■ RECORD EXCERPTS:
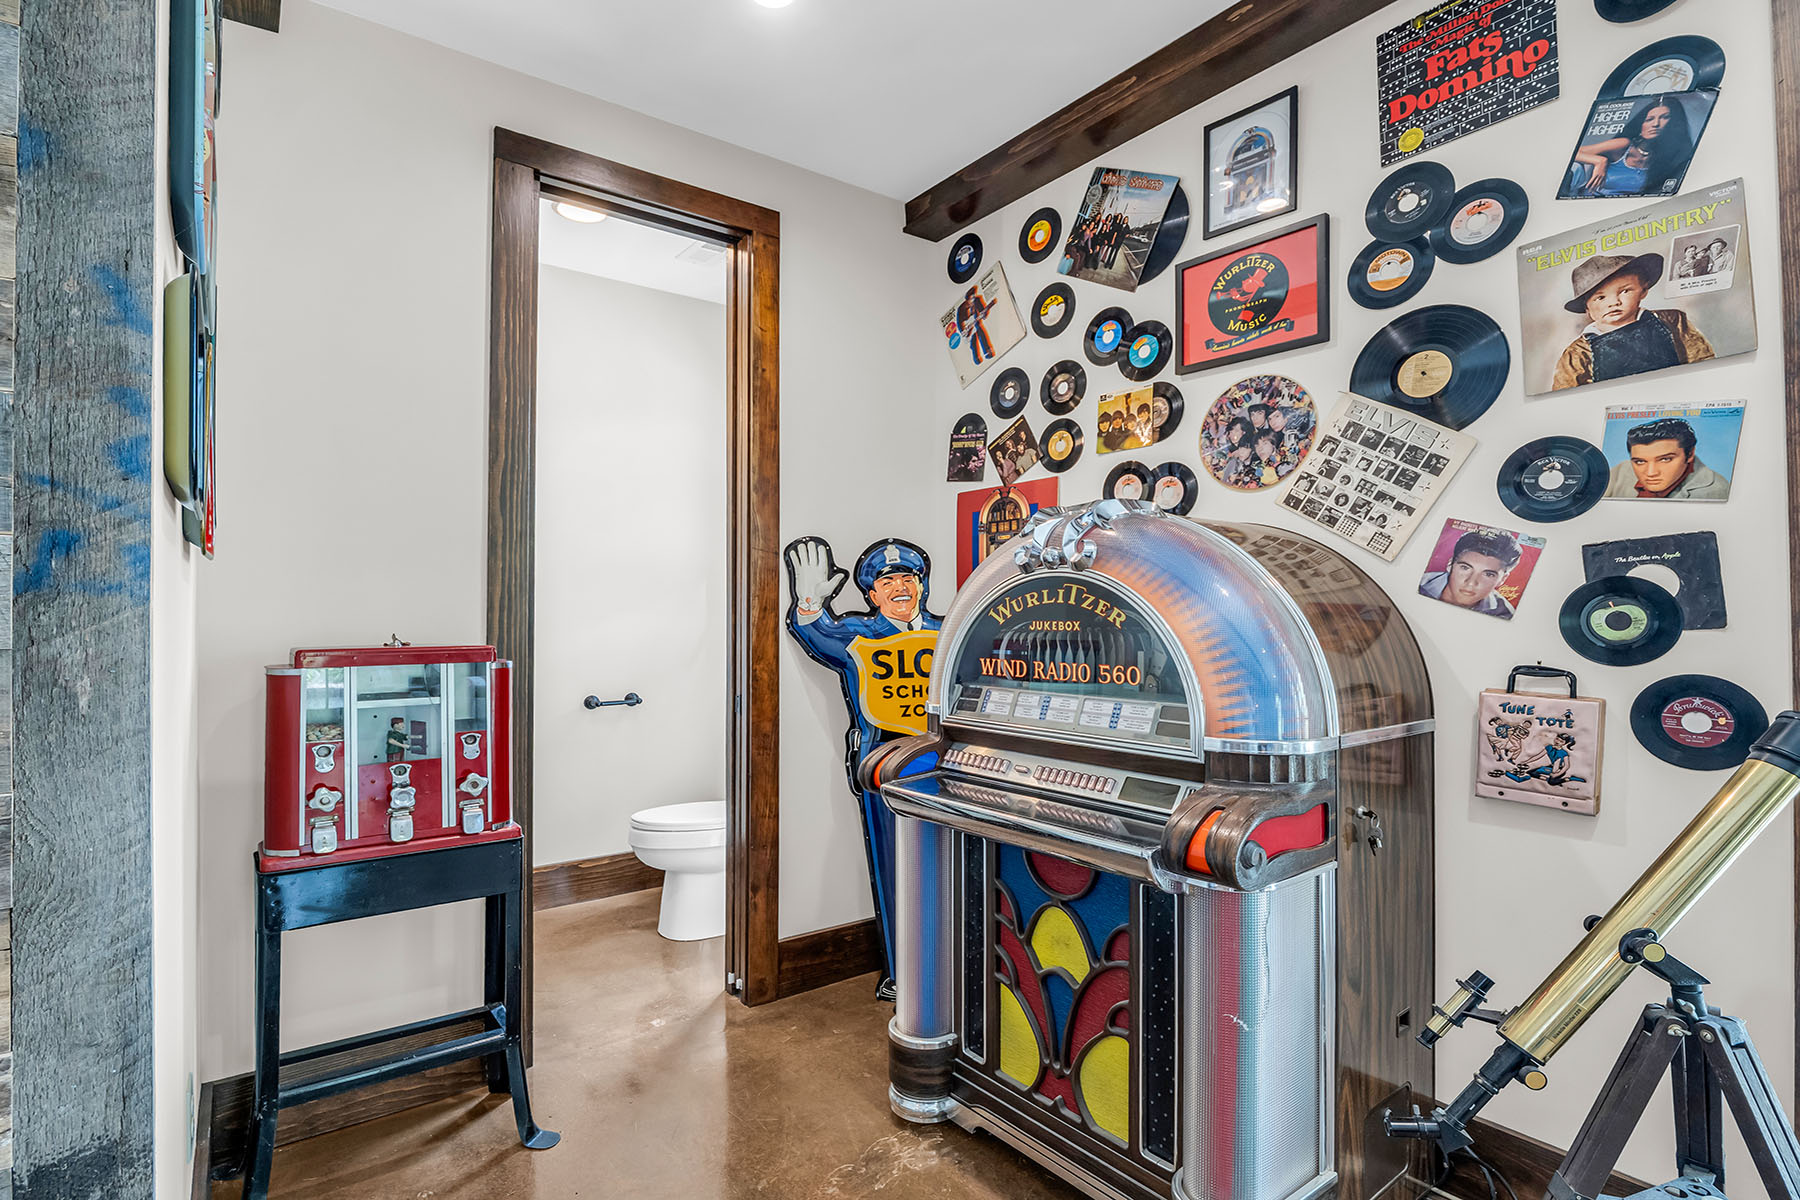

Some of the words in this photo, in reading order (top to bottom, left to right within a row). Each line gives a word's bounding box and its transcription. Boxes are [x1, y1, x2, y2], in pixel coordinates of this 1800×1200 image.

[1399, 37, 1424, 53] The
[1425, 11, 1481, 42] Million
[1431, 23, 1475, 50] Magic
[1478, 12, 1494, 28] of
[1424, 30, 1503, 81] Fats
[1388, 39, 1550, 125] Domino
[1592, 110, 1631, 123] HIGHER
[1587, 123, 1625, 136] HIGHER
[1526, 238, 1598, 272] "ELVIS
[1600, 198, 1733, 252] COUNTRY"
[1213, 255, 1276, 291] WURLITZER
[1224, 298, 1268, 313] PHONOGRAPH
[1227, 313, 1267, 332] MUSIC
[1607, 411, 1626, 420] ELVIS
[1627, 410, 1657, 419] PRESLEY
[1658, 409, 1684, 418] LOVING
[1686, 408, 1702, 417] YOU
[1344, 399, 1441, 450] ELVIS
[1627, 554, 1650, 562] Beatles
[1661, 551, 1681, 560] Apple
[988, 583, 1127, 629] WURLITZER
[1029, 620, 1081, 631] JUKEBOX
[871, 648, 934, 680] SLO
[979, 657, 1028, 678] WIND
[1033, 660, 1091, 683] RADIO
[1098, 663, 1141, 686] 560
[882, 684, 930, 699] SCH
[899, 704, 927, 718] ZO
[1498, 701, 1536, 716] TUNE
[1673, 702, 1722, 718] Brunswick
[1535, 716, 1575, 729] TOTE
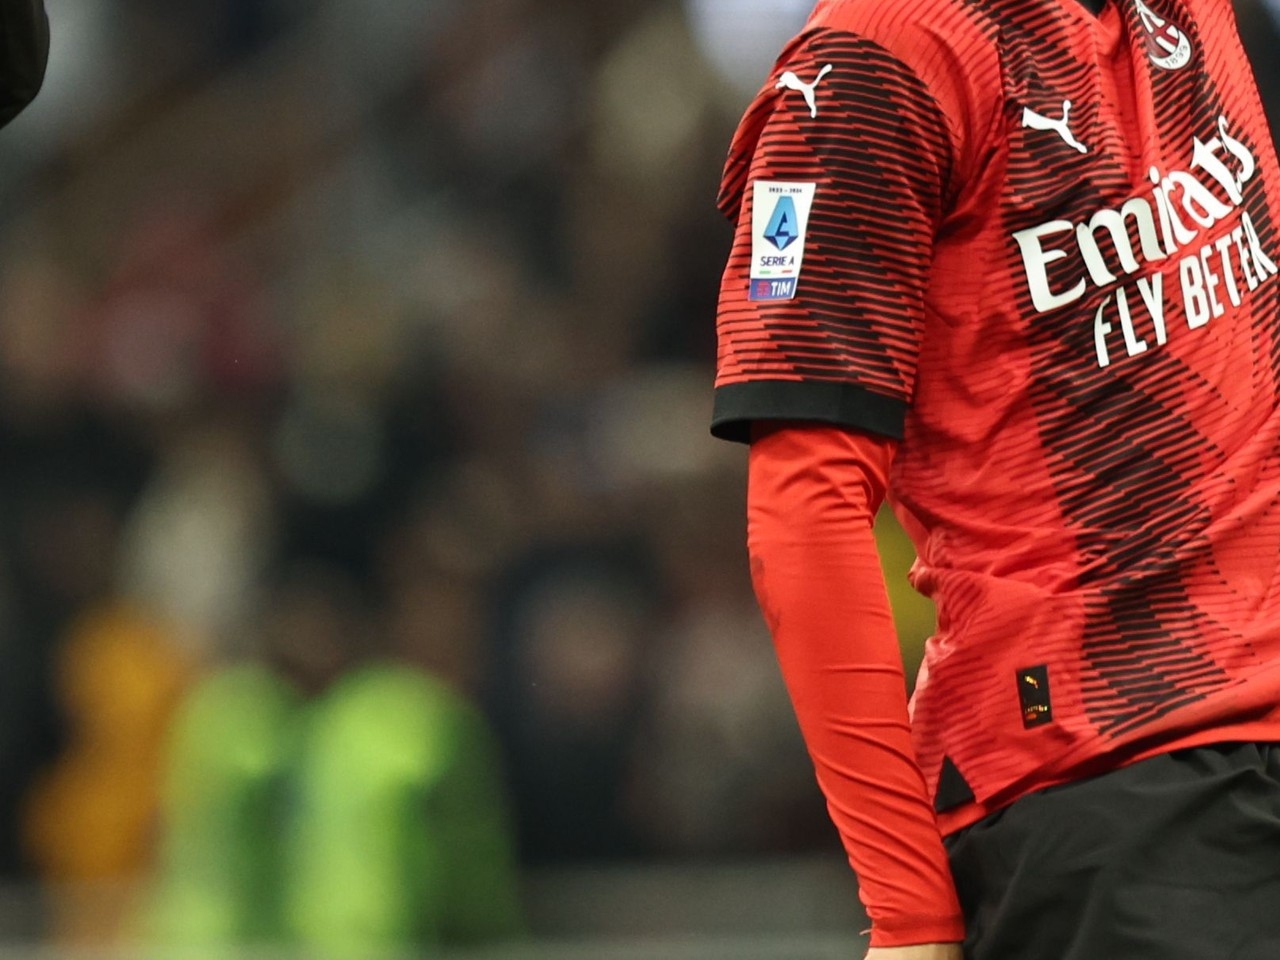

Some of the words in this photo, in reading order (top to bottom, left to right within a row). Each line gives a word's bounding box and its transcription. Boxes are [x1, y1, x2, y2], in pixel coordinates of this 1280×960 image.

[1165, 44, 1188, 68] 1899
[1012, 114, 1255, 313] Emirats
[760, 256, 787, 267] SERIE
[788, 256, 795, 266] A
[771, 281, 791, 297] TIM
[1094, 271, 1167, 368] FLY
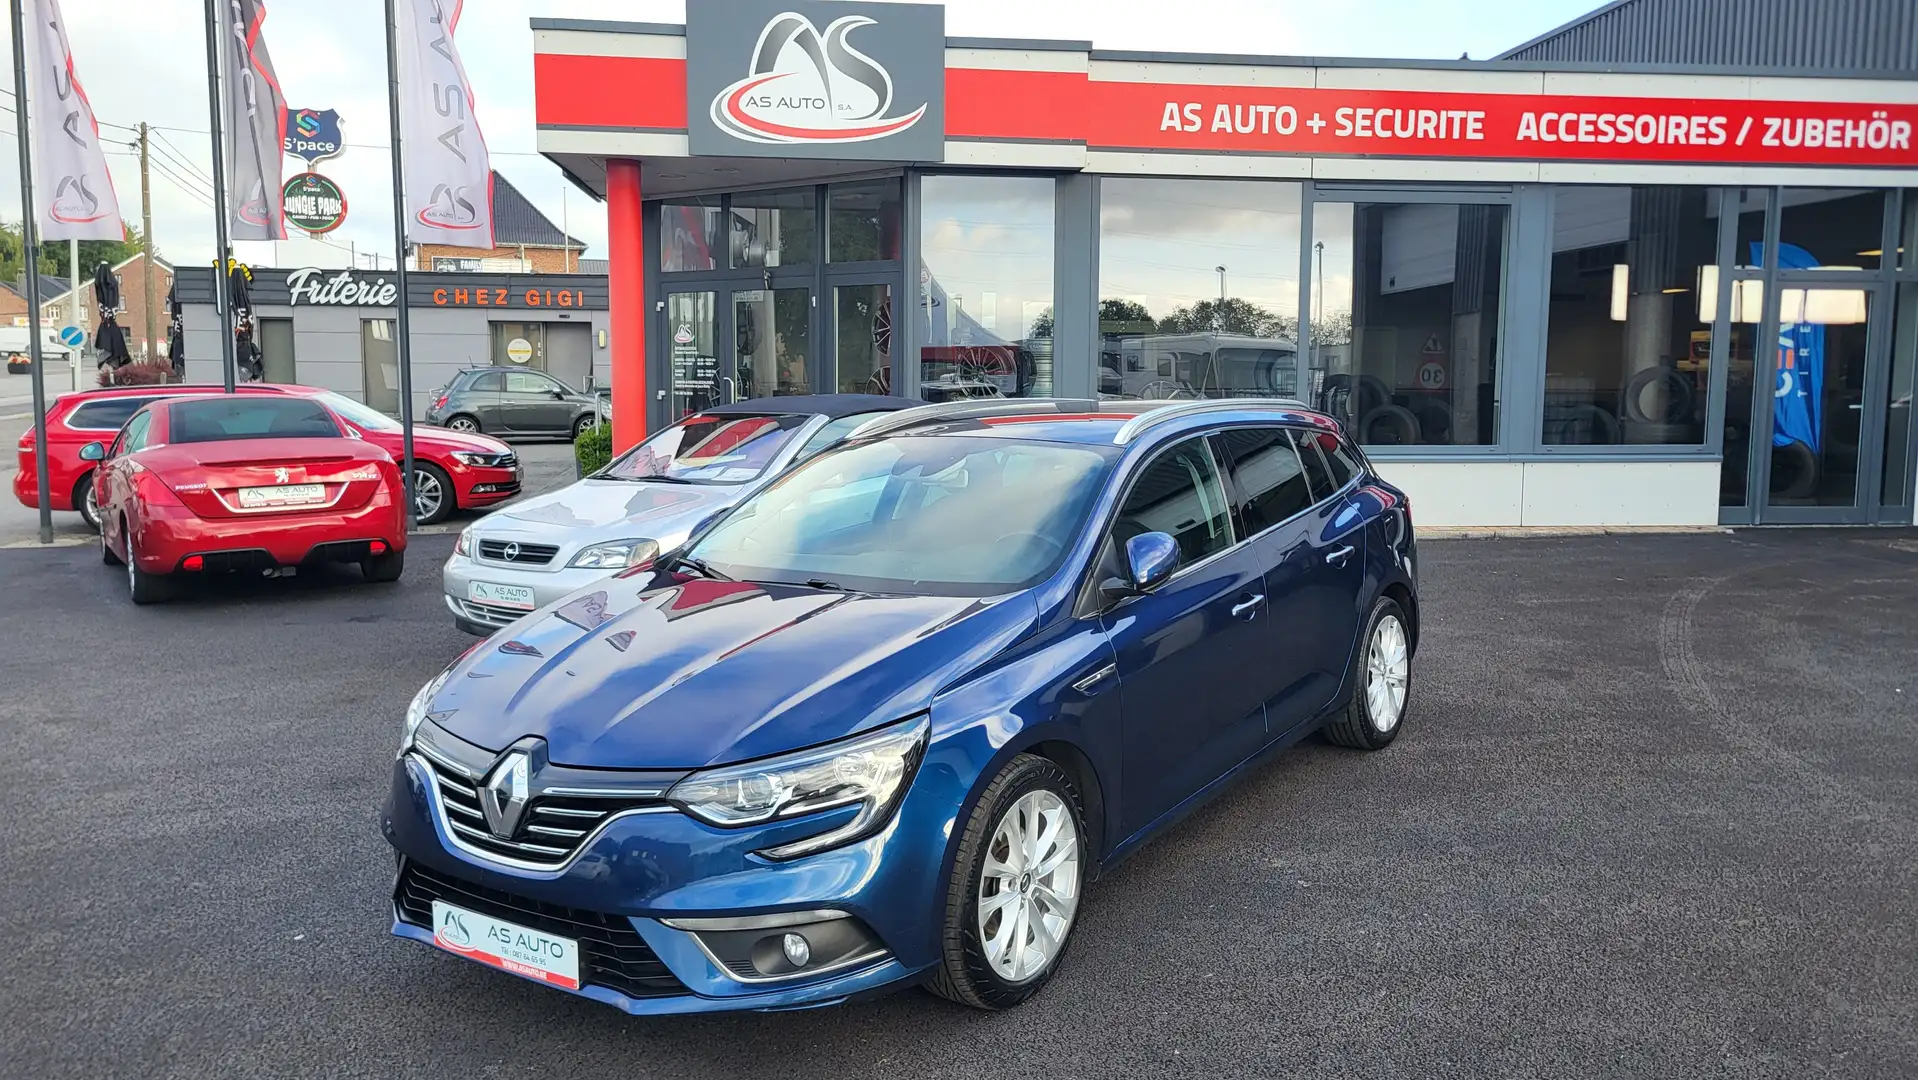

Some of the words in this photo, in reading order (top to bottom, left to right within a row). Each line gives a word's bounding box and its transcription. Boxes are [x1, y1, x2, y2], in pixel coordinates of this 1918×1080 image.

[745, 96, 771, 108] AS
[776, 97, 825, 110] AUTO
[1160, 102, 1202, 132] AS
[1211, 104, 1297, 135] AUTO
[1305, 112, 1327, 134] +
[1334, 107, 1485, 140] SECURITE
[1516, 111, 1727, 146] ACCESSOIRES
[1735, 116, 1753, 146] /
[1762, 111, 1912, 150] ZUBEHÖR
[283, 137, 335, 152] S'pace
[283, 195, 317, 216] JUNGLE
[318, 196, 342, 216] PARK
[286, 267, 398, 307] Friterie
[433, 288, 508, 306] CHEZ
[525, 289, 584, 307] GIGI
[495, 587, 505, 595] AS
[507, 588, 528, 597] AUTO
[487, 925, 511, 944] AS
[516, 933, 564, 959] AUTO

■ WORK REQUEST: The entries above should be reproduced exactly, without their pictures.

■ ANSWER FOR THE TASK:
Some of the words in this photo, in reading order (top to bottom, left to right within a row). Each line gives a word's bounding box and its transcription. Boxes are [x1, y1, x2, y2], in pixel coordinates of this 1800×1200 image.

[1399, 37, 1424, 53] The
[1425, 11, 1481, 42] Million
[1431, 23, 1475, 50] Magic
[1478, 12, 1494, 28] of
[1424, 30, 1503, 81] Fats
[1388, 39, 1550, 125] Domino
[1592, 110, 1631, 123] HIGHER
[1587, 123, 1625, 136] HIGHER
[1526, 238, 1598, 272] "ELVIS
[1600, 198, 1733, 252] COUNTRY"
[1213, 255, 1276, 291] WURLITZER
[1224, 298, 1268, 313] PHONOGRAPH
[1227, 313, 1267, 332] MUSIC
[1607, 411, 1626, 420] ELVIS
[1627, 410, 1657, 419] PRESLEY
[1658, 409, 1684, 418] LOVING
[1686, 408, 1702, 417] YOU
[1344, 399, 1441, 450] ELVIS
[1627, 554, 1650, 562] Beatles
[1661, 551, 1681, 560] Apple
[988, 583, 1127, 629] WURLITZER
[1029, 620, 1081, 631] JUKEBOX
[871, 648, 934, 680] SLO
[979, 657, 1028, 678] WIND
[1033, 660, 1091, 683] RADIO
[1098, 663, 1141, 686] 560
[882, 684, 930, 699] SCH
[899, 704, 927, 718] ZO
[1498, 701, 1536, 716] TUNE
[1673, 702, 1722, 718] Brunswick
[1535, 716, 1575, 729] TOTE

Some of the words in this photo, in reading order (top to bottom, left to right within a row). Each line gives a word's bounding box and its transcription. Boxes are [x1, y1, x2, y2], in pixel coordinates of this 1280×960 image.

[1165, 44, 1188, 68] 1899
[1012, 114, 1255, 313] Emirats
[760, 256, 787, 267] SERIE
[788, 256, 795, 266] A
[771, 281, 791, 297] TIM
[1094, 271, 1167, 368] FLY

Some of the words in this photo, in reading order (top to bottom, left to right within a row). Each line gives a word's bounding box and its transcription. Boxes are [x1, y1, x2, y2], in pixel coordinates of this 1918×1080 image.

[745, 96, 771, 108] AS
[776, 97, 825, 110] AUTO
[1160, 102, 1202, 132] AS
[1211, 104, 1297, 135] AUTO
[1305, 112, 1327, 134] +
[1334, 107, 1485, 140] SECURITE
[1516, 111, 1727, 146] ACCESSOIRES
[1735, 116, 1753, 146] /
[1762, 111, 1912, 150] ZUBEHÖR
[283, 137, 335, 152] S'pace
[283, 195, 317, 216] JUNGLE
[318, 196, 342, 216] PARK
[286, 267, 398, 307] Friterie
[433, 288, 508, 306] CHEZ
[525, 289, 584, 307] GIGI
[495, 587, 505, 595] AS
[507, 588, 528, 597] AUTO
[487, 925, 511, 944] AS
[516, 933, 564, 959] AUTO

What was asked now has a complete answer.